[Stored items from a collection]
....

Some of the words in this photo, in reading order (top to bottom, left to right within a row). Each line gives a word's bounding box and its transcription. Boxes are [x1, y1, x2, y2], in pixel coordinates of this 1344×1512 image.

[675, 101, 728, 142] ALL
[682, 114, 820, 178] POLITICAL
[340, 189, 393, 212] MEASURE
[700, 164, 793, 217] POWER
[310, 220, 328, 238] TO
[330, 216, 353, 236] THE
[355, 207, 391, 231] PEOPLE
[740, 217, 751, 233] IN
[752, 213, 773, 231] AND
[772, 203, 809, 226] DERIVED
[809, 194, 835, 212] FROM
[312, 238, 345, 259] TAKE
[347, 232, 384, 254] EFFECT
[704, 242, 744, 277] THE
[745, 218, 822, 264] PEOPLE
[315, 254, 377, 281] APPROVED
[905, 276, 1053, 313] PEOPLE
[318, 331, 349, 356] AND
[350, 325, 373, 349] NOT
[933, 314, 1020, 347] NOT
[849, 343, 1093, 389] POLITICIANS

....

● **Problem statement**
Look at the entries above. Then set all of them down again exactly.

● **Problem solution**
Some of the words in this photo, in reading order (top to bottom, left to right within a row). Each line gives a word's bounding box and its transcription. Boxes are [x1, y1, x2, y2], in pixel coordinates of this 1344×1512 image.

[675, 101, 728, 142] ALL
[682, 114, 820, 178] POLITICAL
[340, 189, 393, 212] MEASURE
[700, 164, 793, 217] POWER
[310, 220, 328, 238] TO
[330, 216, 353, 236] THE
[355, 207, 391, 231] PEOPLE
[740, 217, 751, 233] IN
[752, 213, 773, 231] AND
[772, 203, 809, 226] DERIVED
[809, 194, 835, 212] FROM
[312, 238, 345, 259] TAKE
[347, 232, 384, 254] EFFECT
[704, 242, 744, 277] THE
[745, 218, 822, 264] PEOPLE
[315, 254, 377, 281] APPROVED
[905, 276, 1053, 313] PEOPLE
[318, 331, 349, 356] AND
[350, 325, 373, 349] NOT
[933, 314, 1020, 347] NOT
[849, 343, 1093, 389] POLITICIANS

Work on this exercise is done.